On 1 January 2018, Rissland set herself the task of reading one paper per day, every day, as “a bit of a lark”.
“I thought, ‘Let’s see how long I can keep this up’, but within a month I was hooked,” she says. “I loved the exercise of learning something new every day and seeing how that opened up ideas in my own research.”
By June 17 2020, Rissland announced on Twitter that not only had she had kept the habit up, but it’s benefited her career in ways she couldn’t have predicted.
“As of today, I have read 899 papers in 899 days,” she tweeted. “I never would have imagined 2.5 years ago how much I would learn through this and how this would make me a better scientist and human."
As well as keeping up with new research in her own field, Rissland now reads more broadly. She’s been pursing literature about the ethical and professional considerations in research, for example, such as the effects of systematic bias on promotion and hiring decisions.
Reading a paper from end to end has also helped her appreciate the nuances that would be missed by skimming the key findings of a paper, such as learning about different scientific methods.
“It’s made me a much more well-rounded scientist,” she says.
While Rissland says there’s no particular strategy guiding her choice of paper, she has a ‘to read’ folder on her computer, which currently has around 250 papers in it. “On most days I choose ones that strike my fancy,” she says.
“Sometimes there are topics that I want to take deep dives into, so I might focus on a topic for a few weeks. But I think part of the fun for me is just to read something that I want to, as opposed to something I have to.”
Rissland says her favourite paper of all time is “ The Mundanity of Excellence ”, a sociology paper about what makes swimmers excel.

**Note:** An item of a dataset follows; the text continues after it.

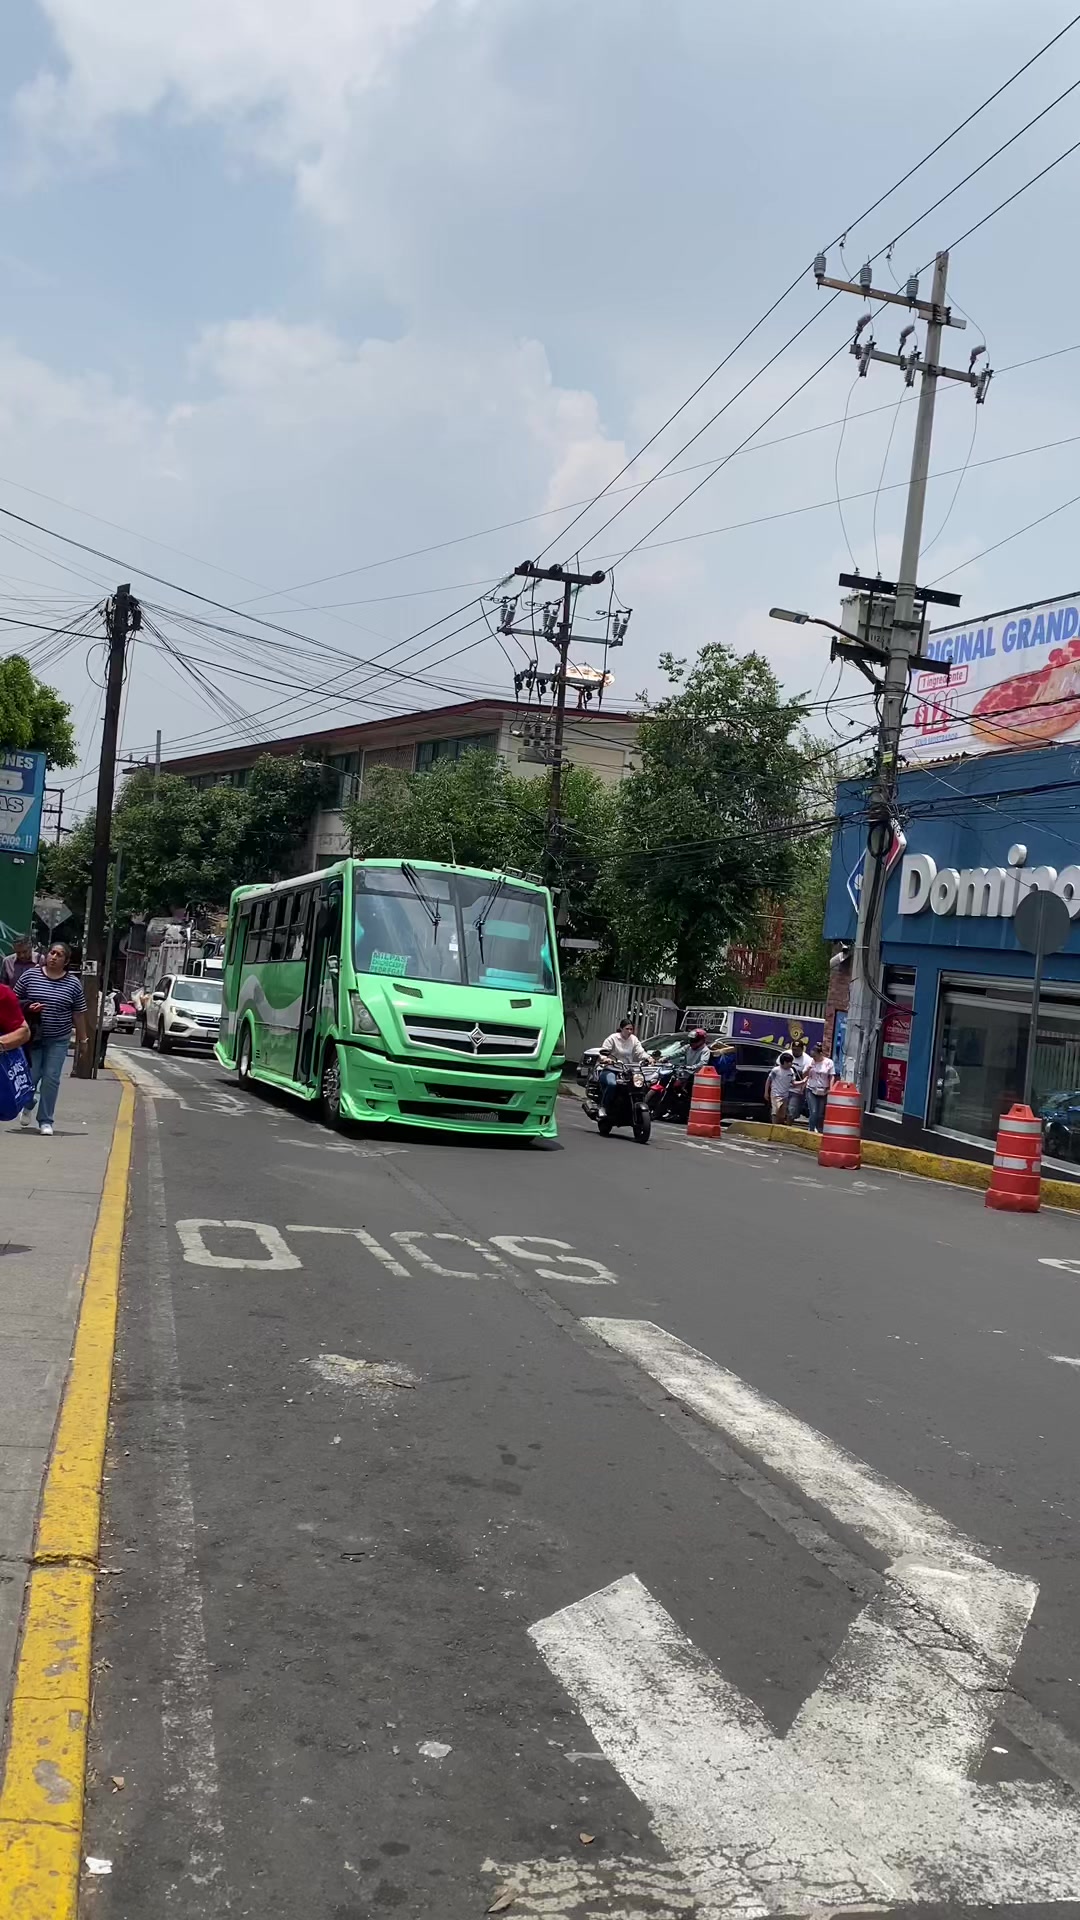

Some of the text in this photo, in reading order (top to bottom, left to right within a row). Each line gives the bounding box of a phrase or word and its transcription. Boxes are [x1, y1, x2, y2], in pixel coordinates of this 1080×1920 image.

[927, 606, 1080, 664] RIGINAL GRAND
[927, 671, 963, 688] ingredente

She says this paper “transformed how I approach science and running a lab”.
Rissland made the habit stick by holding herself accountable – she shares insights from her daily reads on her lab’s Slack channel, ‘365 papers’.
She also keeps a record of the papers she reads on a Google sheet, which has a line for every day of the year.
“Adding each citation to the Google sheet gives me enough joy and a feeling of accomplishment that it keeps me going,” she says.
Rissland doesn’t cut herself any slack – peer review or sourcing references for her own publications don’t count towards her daily tally. And if she misses one day, or ten, such as when she goes on a family hiking trip, she makes up for it later.
“Dedicating time to reading papers is more important to my lab’s success than answering e-mails,” she says. “I don’t necessarily work more than anyone else, I just make sure I dedicate a set amount of time to reading every day. Rather than being a burden, most of the time this is a high point of my day.”
Rissland’s advice to other researchers who want to take up the challenge is to figure out a routine that’s realistic for them – especially students who read more slowly – such as dedicating 20 or 30 minutes a day to reading.
She also recommends setting realistic guidelines early on, which can help solidify the habit. “The hard ‘structure’ of it keeps me honest,” she says.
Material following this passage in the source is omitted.